To do ▸
If an entry holds a picture, skip the picture but copy everything else exactly.

⁂

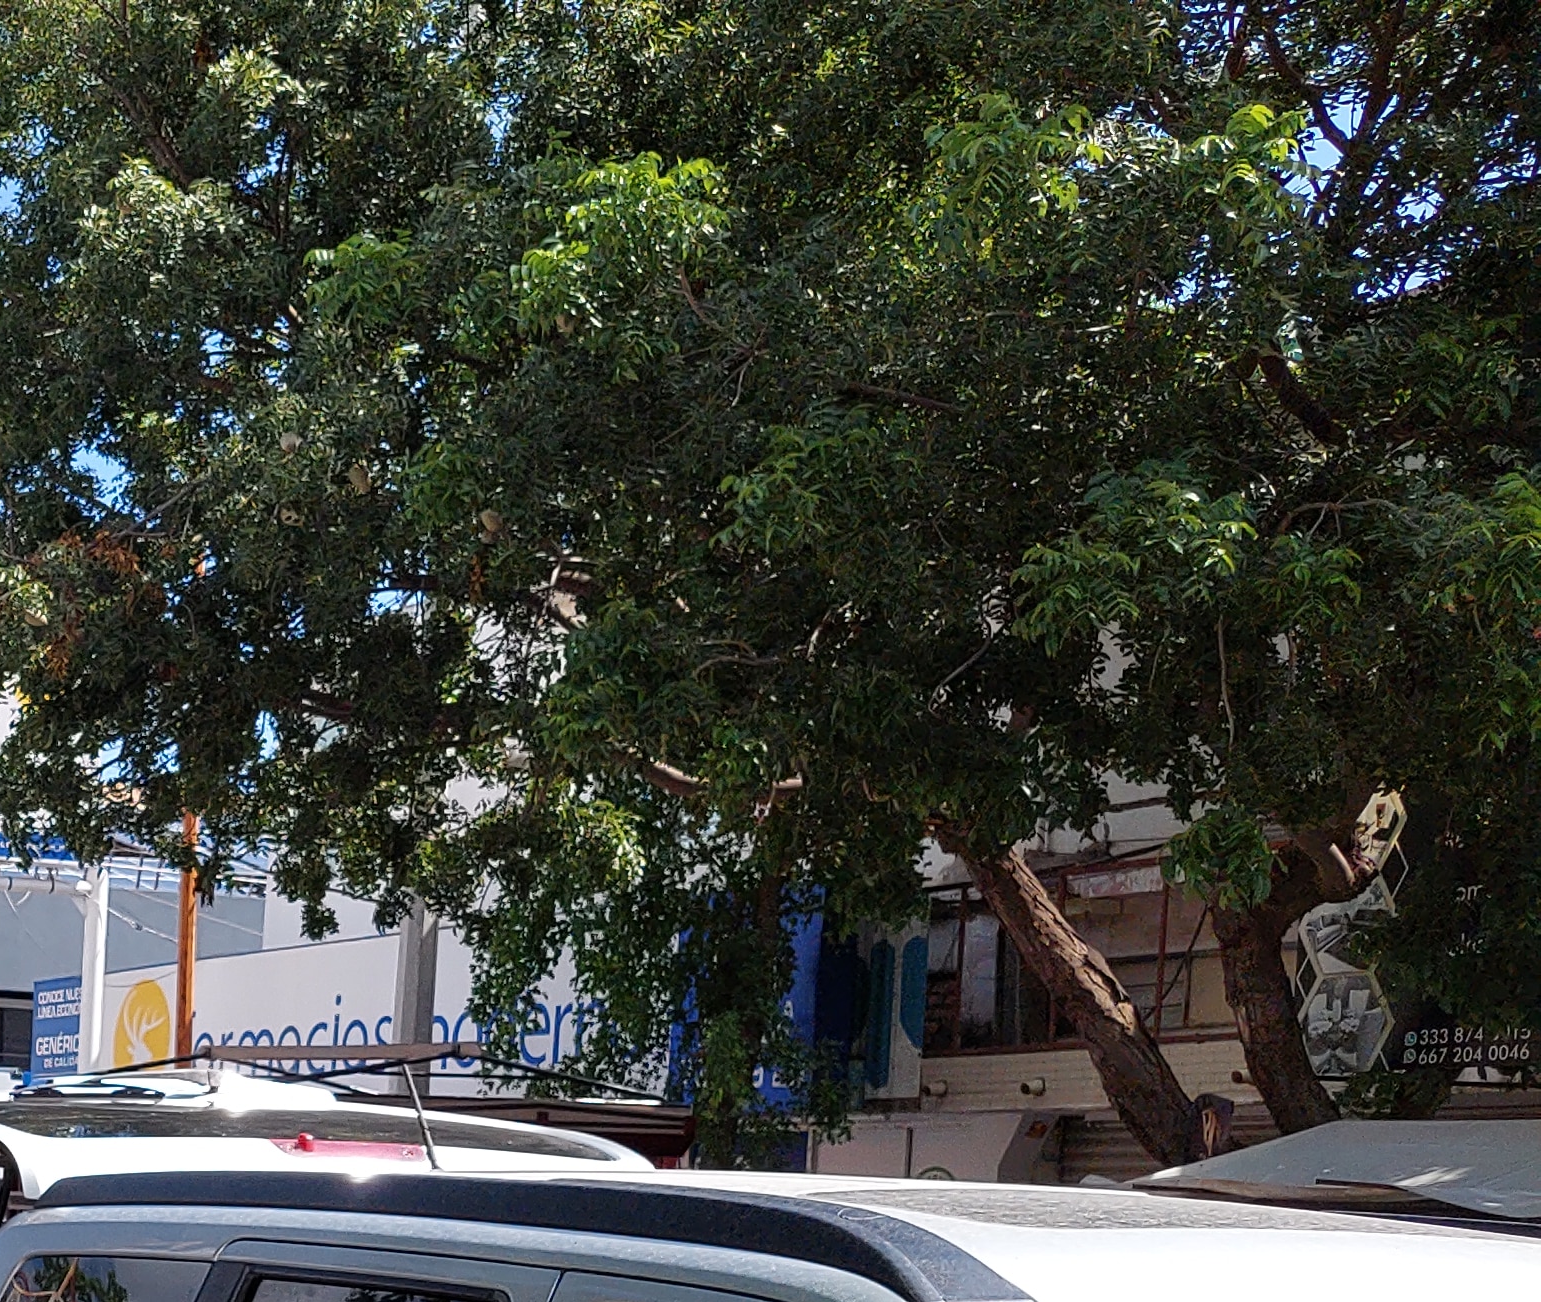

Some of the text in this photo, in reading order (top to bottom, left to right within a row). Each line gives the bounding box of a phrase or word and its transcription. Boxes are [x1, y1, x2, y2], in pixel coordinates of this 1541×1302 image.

[191, 994, 394, 1078] armacias
[1419, 1028, 1449, 1045] 333
[1418, 1043, 1530, 1065] 667 204 0046
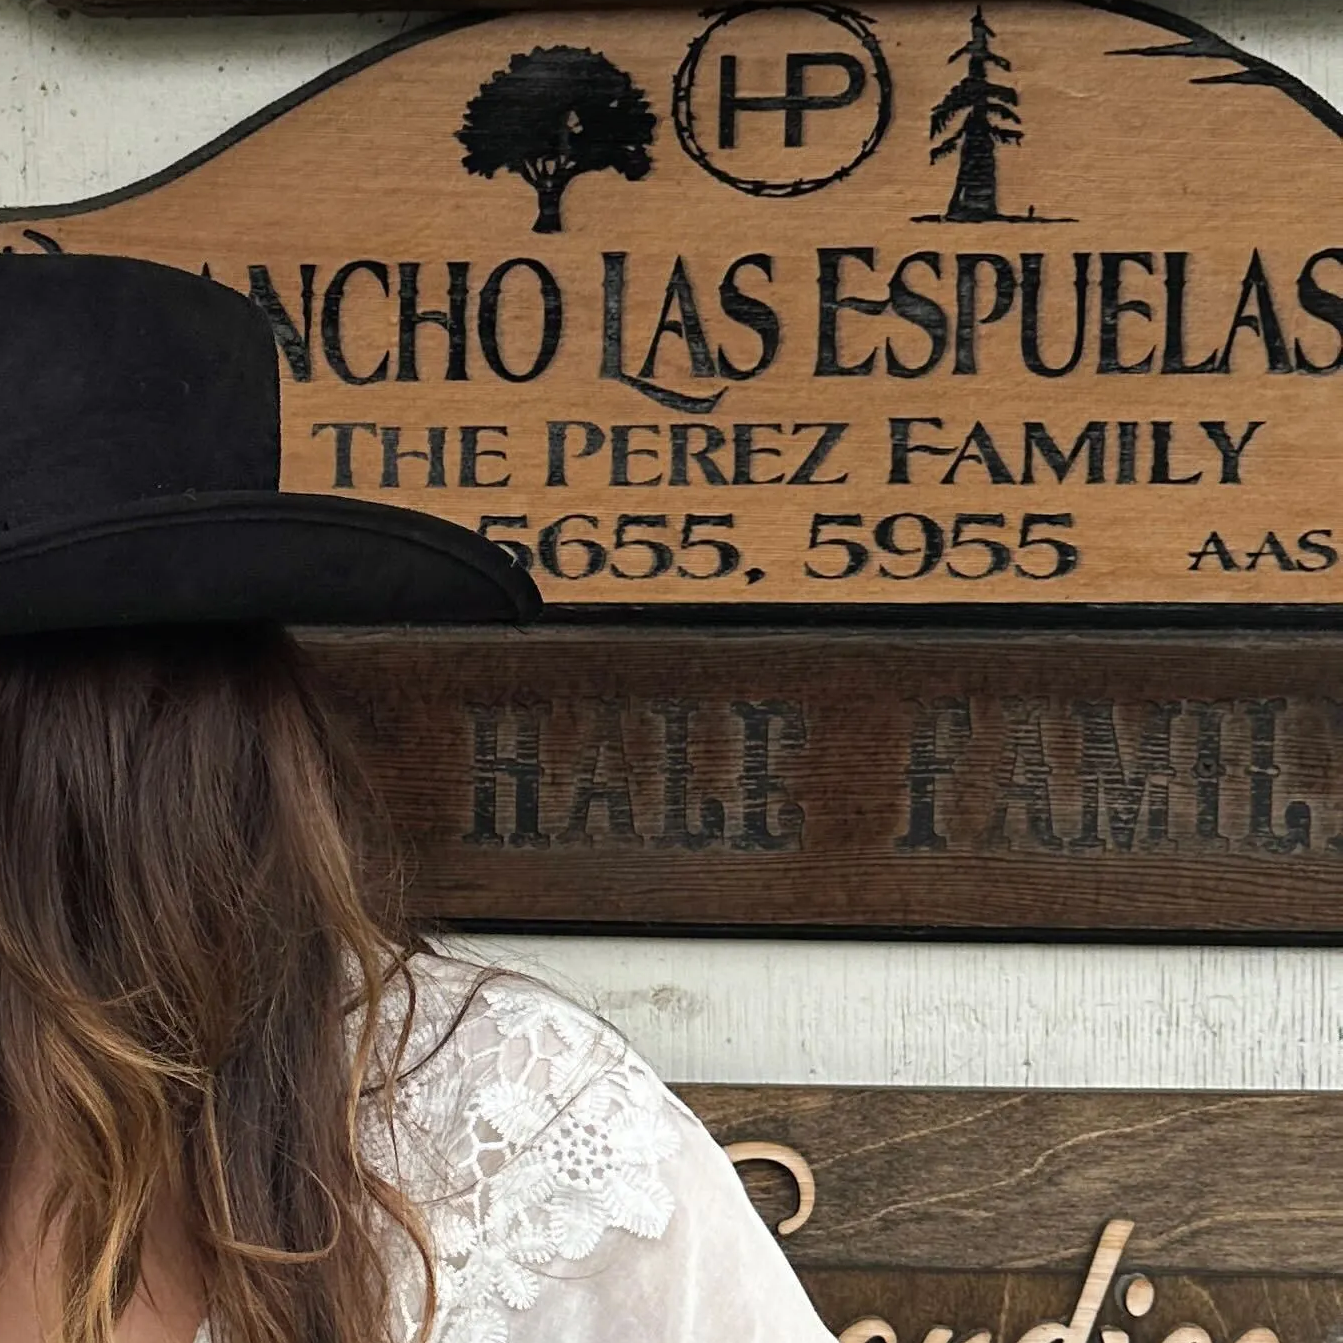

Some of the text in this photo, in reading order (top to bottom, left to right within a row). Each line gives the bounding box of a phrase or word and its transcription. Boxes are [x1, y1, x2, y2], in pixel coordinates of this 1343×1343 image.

[200, 257, 560, 385] NCHO
[312, 419, 1266, 489] THE PEREZ FAMILY
[807, 512, 1079, 581] 5955
[463, 695, 807, 852] HALE
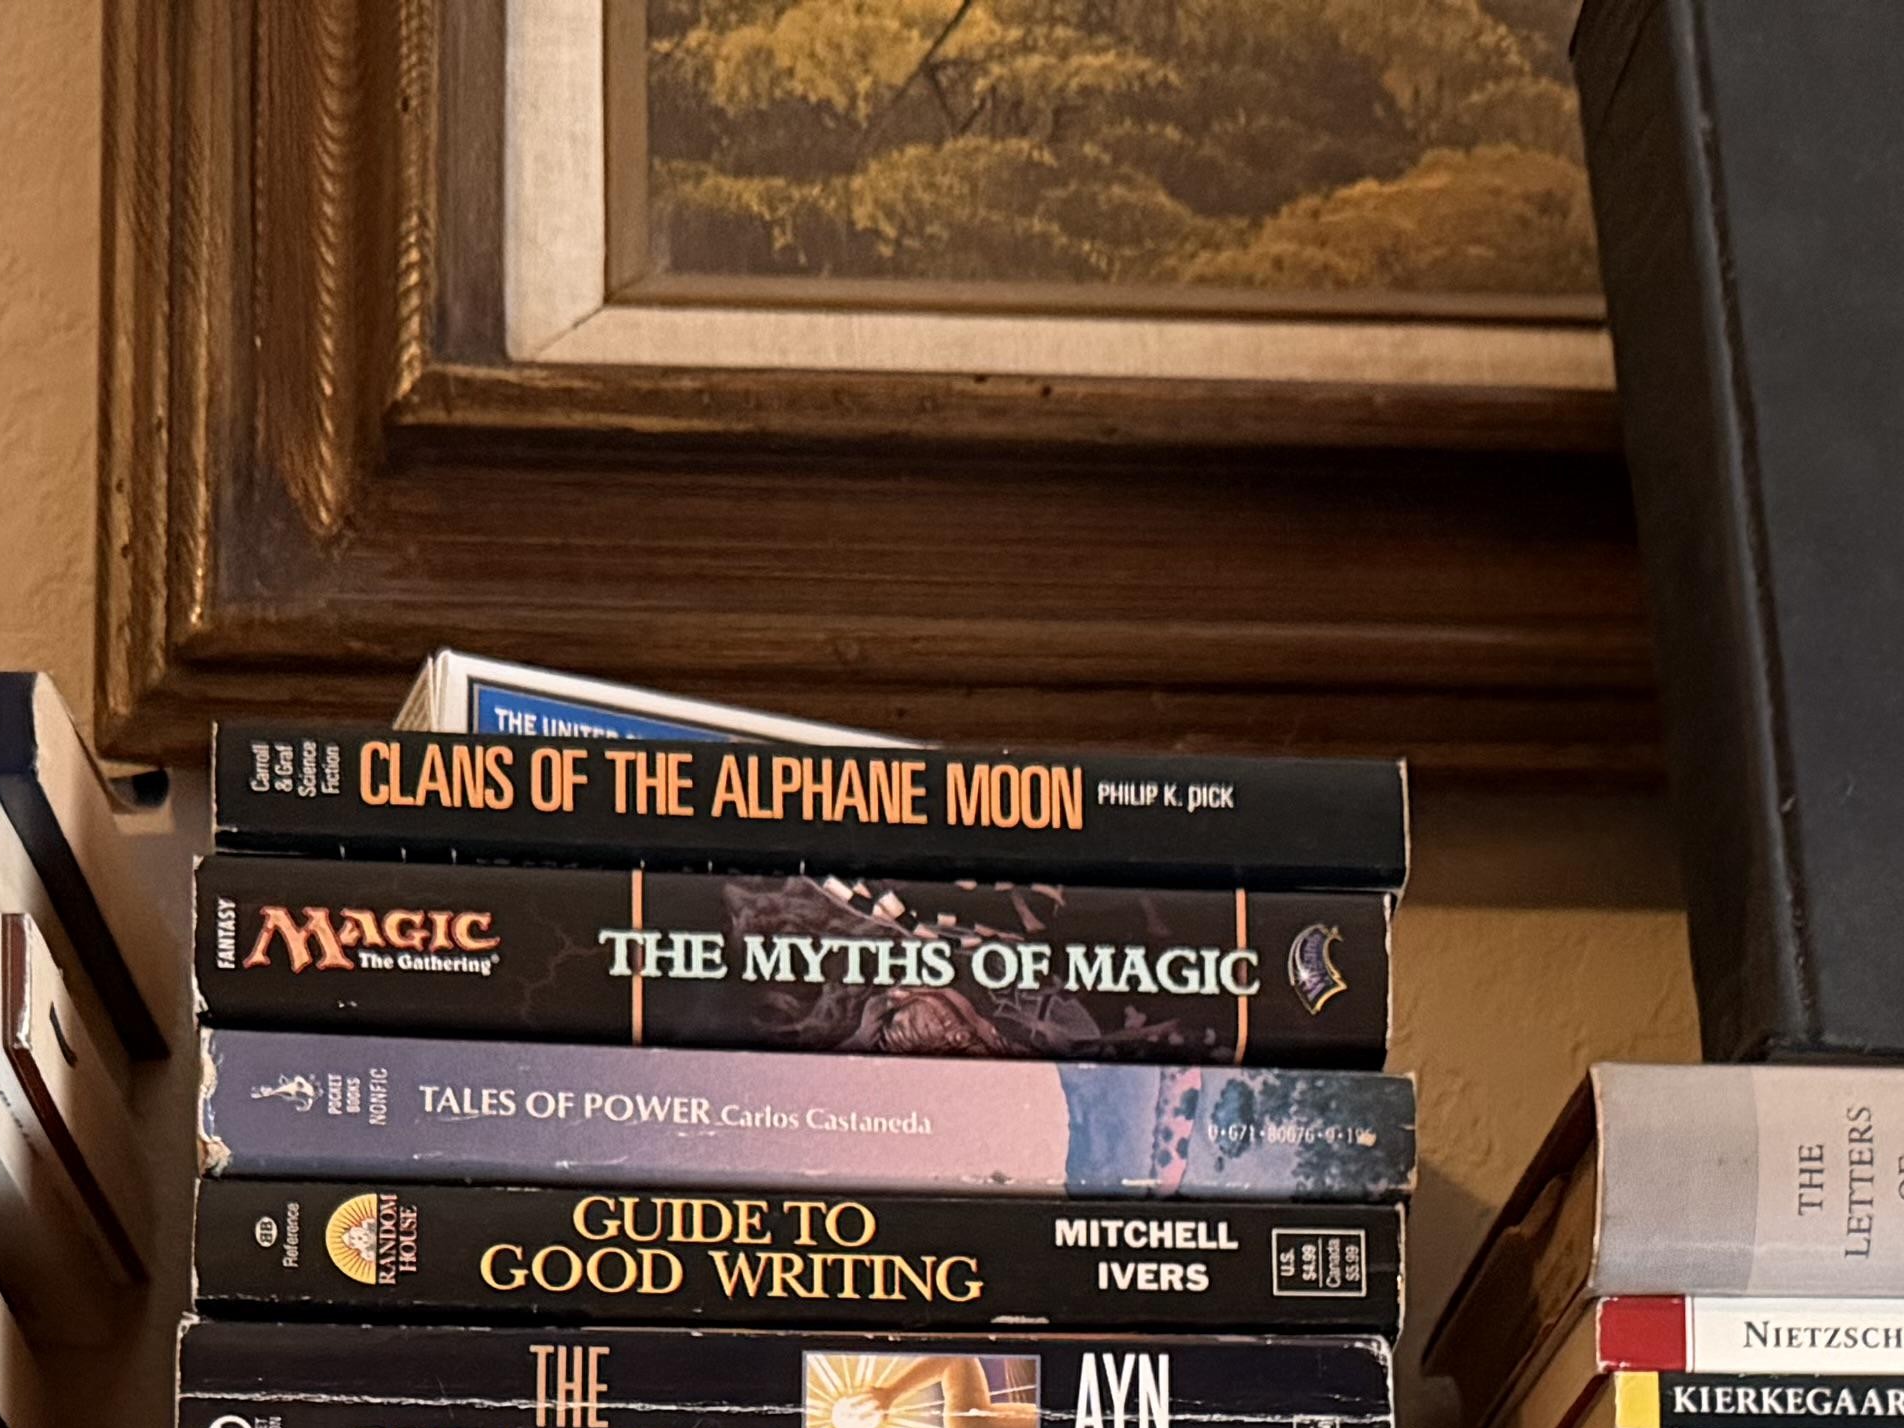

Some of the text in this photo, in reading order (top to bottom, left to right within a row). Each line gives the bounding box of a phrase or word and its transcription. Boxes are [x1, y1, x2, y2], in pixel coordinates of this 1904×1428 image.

[216, 897, 237, 969] FANTASY
[1797, 1143, 1824, 1217] THE
[1844, 1105, 1872, 1260] LETTERS
[284, 1202, 300, 1269] Reference
[379, 1193, 397, 1285] RANDOM
[399, 1205, 418, 1273] HOUSE
[573, 1196, 876, 1247] GUIDE TO
[1055, 1219, 1238, 1250] MITCHELL
[480, 1244, 984, 1302] GOOD WRITING
[1098, 1262, 1209, 1292] IVERS
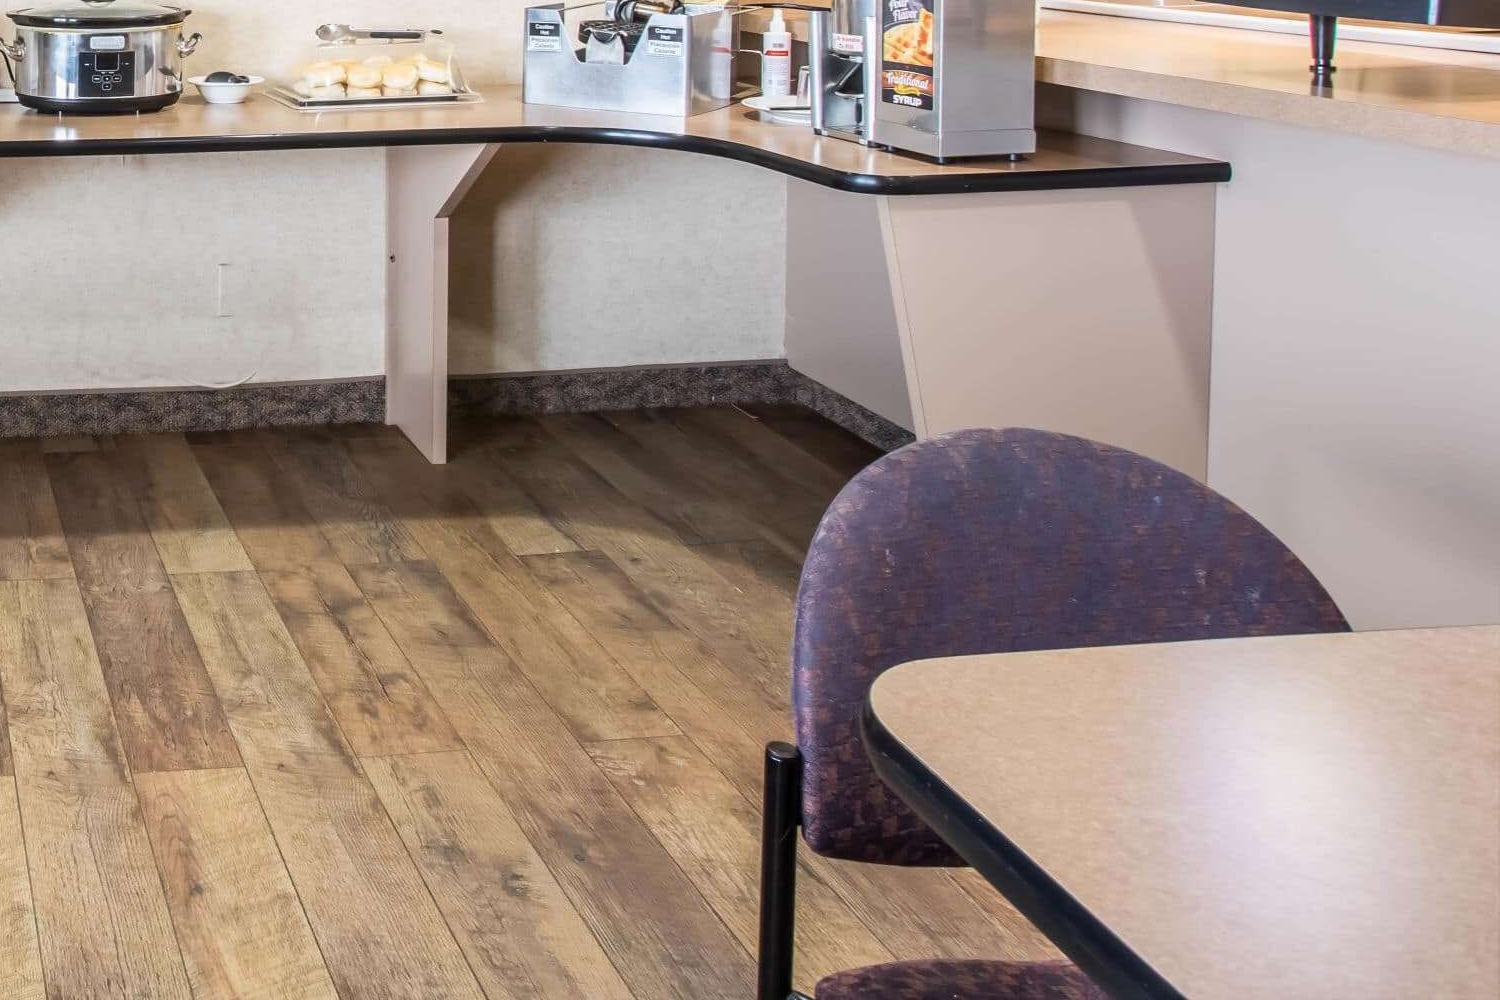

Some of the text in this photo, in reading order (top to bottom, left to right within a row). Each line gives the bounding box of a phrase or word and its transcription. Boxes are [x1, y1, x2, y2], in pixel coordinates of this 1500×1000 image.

⁂

Solution to this exercise ▸
Some of the text in this photo, in reading order (top to bottom, left to right within a row). Each line gives the bounding box of a phrase or word and its transcription. Boxes are [x1, y1, x2, y2], in pixel coordinates of this 1541×1302 image.

[191, 994, 394, 1078] armacias
[1419, 1028, 1449, 1045] 333
[1418, 1043, 1530, 1065] 667 204 0046

Some of the text in this photo, in reading order (top to bottom, left to right within a row). Each line gives the bounding box of a phrase or word and its transcription. Boxes are [x1, y1, x2, y2], in pixel coordinates of this 1343×1343 image.

[200, 257, 560, 385] NCHO
[312, 419, 1266, 489] THE PEREZ FAMILY
[807, 512, 1079, 581] 5955
[463, 695, 807, 852] HALE

Some of the text in this photo, in reading order (top to bottom, left to right within a row). Each line gives the bounding box of a phrase or word and its transcription. Boxes are [x1, y1, x2, y2], in pixel coordinates of this 1904×1428 image.

[216, 897, 237, 969] FANTASY
[1797, 1143, 1824, 1217] THE
[1844, 1105, 1872, 1260] LETTERS
[284, 1202, 300, 1269] Reference
[379, 1193, 397, 1285] RANDOM
[399, 1205, 418, 1273] HOUSE
[573, 1196, 876, 1247] GUIDE TO
[1055, 1219, 1238, 1250] MITCHELL
[480, 1244, 984, 1302] GOOD WRITING
[1098, 1262, 1209, 1292] IVERS

Some of the text in this photo, in reading order (top to bottom, left to right within a row). Each line gives the bounding box of a phrase or word and its transcription. Boxes are [x1, y1, x2, y2], in pixel coordinates of this 1500×1000 image.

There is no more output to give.